Mildred Loving Dies at 68
Gail Heriot

Was there ever a more perfect name for a civil rights plaintiff?  She and her late husband get the credit for consigning miscegenation laws to the dustbin of American history.  Rest in peace, Mrs. Loving.

The New York Times has this to say:

By their own widely reported accounts, Mrs. Loving and her husband, Richard, were in bed in their modest house in Central Point in the early morning of July 11, 1958, five weeks after their wedding, when the county sheriff and two deputies, acting on an anonymous tip, burst into their bedroom and shined flashlights in their eyes. A threatening voice demanded, “Who is this woman you’re sleeping with?”
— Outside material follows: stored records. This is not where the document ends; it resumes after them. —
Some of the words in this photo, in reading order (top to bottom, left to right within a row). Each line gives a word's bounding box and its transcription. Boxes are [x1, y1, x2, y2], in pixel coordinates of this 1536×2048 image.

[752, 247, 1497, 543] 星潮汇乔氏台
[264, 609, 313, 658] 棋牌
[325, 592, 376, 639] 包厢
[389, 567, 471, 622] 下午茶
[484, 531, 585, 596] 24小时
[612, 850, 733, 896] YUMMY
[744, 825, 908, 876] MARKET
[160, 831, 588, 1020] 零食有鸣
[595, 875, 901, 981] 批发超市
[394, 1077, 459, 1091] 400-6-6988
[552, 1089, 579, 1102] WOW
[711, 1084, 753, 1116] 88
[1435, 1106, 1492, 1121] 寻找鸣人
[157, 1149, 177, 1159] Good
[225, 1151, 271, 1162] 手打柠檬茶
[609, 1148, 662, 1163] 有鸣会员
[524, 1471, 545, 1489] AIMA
Mrs. Loving answered, “I’m his wife.”

Mr. Loving pointed to the couple’s marriage certificate hung on the bedroom wall. The sheriff responded, “That’s no good here.”

The certificate was from Washington, D.C., and under Virginia law, a marriage between people of different races performed outside Virginia was as invalid as one done in Virginia. At the time, it was one of 16 states that barred marriages between races.
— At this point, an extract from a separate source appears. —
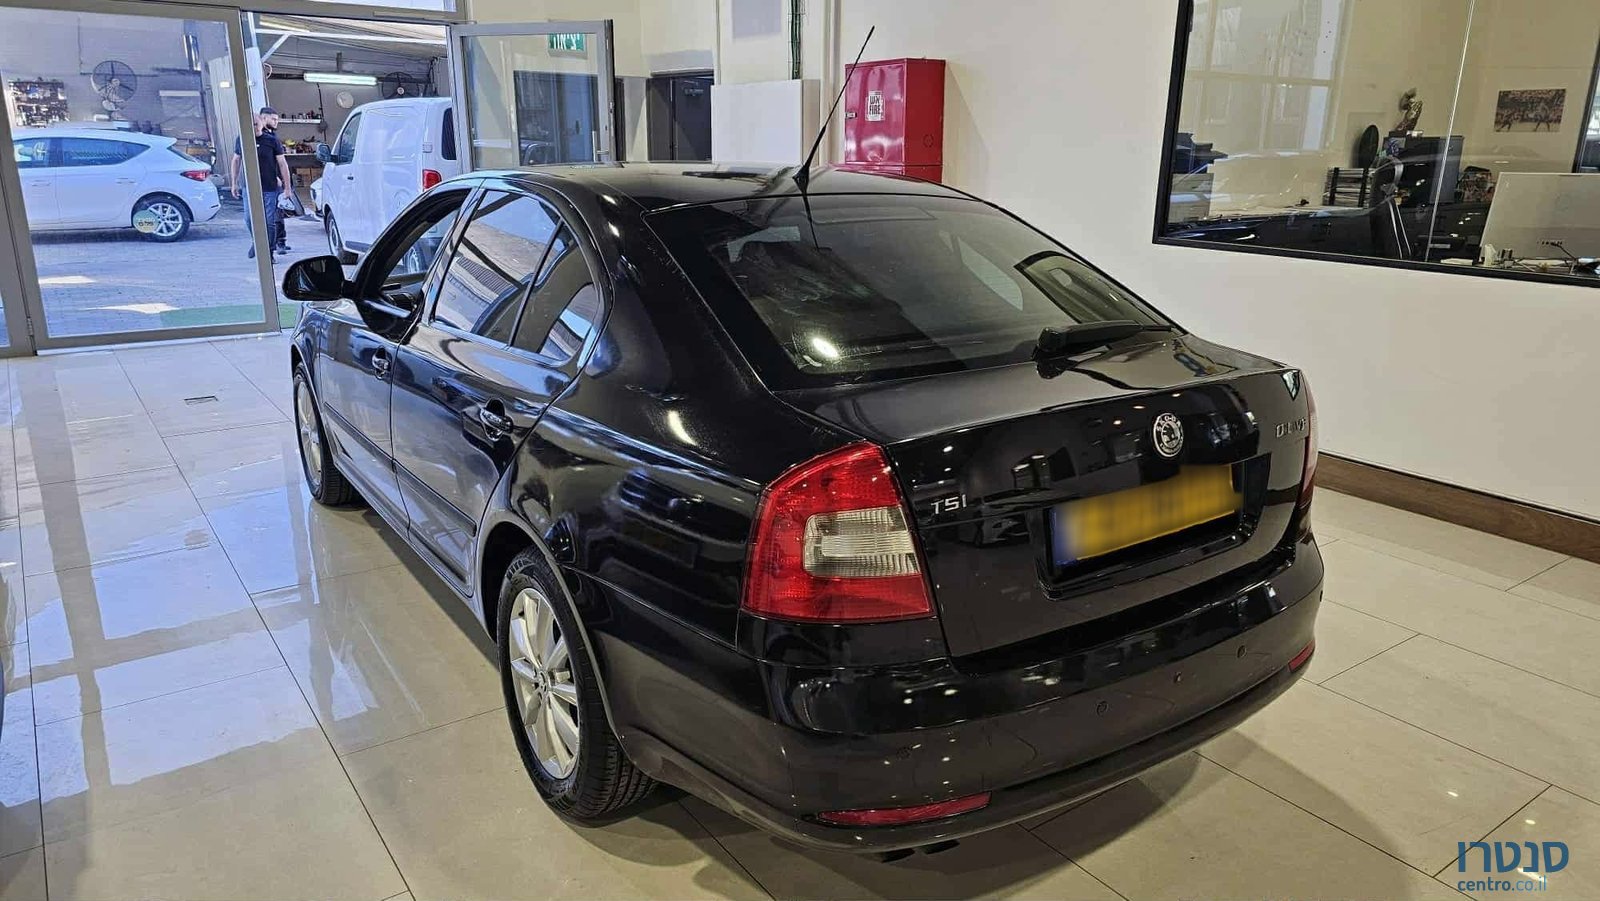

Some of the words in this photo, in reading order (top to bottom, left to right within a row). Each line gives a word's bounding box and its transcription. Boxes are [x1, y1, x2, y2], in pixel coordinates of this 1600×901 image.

[869, 96, 880, 104] אש
[869, 105, 881, 115] FIRE
[930, 494, 967, 515] TSI
After Mr. Loving spent a night in jail and his wife several more, the couple pleaded guilty to violating the Virginia law, the Racial Integrity Act. Under a plea bargain, their one-year prison sentences were suspended on the condition that they leave Virginia and not return together or at the same time for 25 years.
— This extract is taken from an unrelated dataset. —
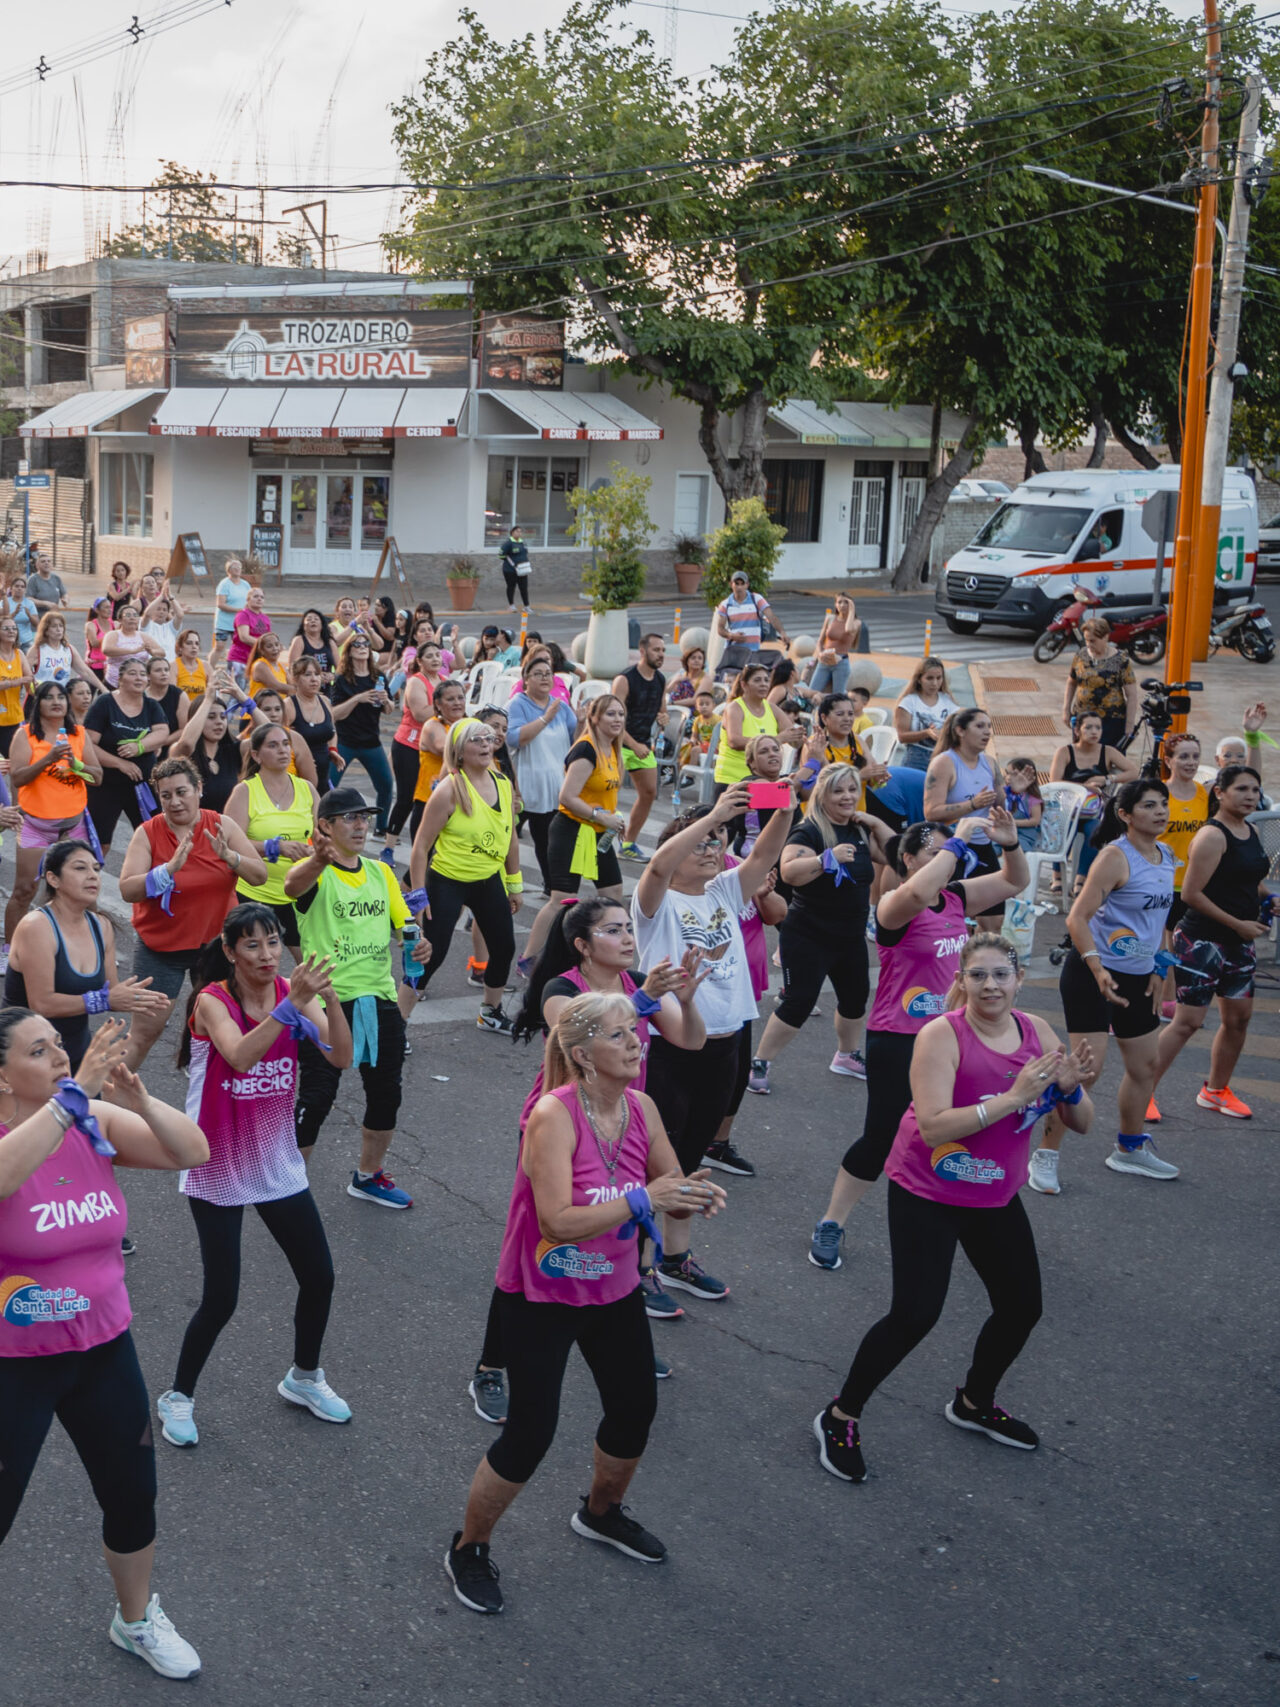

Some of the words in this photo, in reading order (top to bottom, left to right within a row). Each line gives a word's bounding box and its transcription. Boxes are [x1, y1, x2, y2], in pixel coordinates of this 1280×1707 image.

Judge Leon M. Bazile, in language Chief Justice Warren would recall, said that if God had meant for whites and blacks to mix, he would have not placed them on different continents. Judge Bazile reminded the defendants that “as long as you live you will be known as a felon.”

They paid court fees of $36.29 each, moved to Washington and had three children. They returned home occasionally, never together. But times were tough financially, and the Lovings missed family, friends and their easy country lifestyle in the rolling Virginia hills.

By 1963, Mrs. Loving could stand the ostracism no longer. Inspired by the civil rights movement and its march on Washington, she wrote Attorney General Robert F. Kennedy and asked for help. He wrote her back, and referred her to the American Civil Liberties Union.

The A.C.L.U. took the case. Its lawyers, Bernard S. Cohen and Philip J. Hirschkop, faced an immediate problem: the Lovings had pleaded guilty and had no right to appeal. So they asked Judge Bazile to set aside his original verdict. When he refused, they appealed. The Virginia Supreme Court of Appeals upheld the lower court, and the case went to the United States Supreme Court.

Mr. Cohen recounted telling Mr. Loving about various legal theories applying to the case. Mr. Loving replied, “Mr. Cohen, tell the court I love my wife, and it is just unfair that I can’t live with her in Virginia.”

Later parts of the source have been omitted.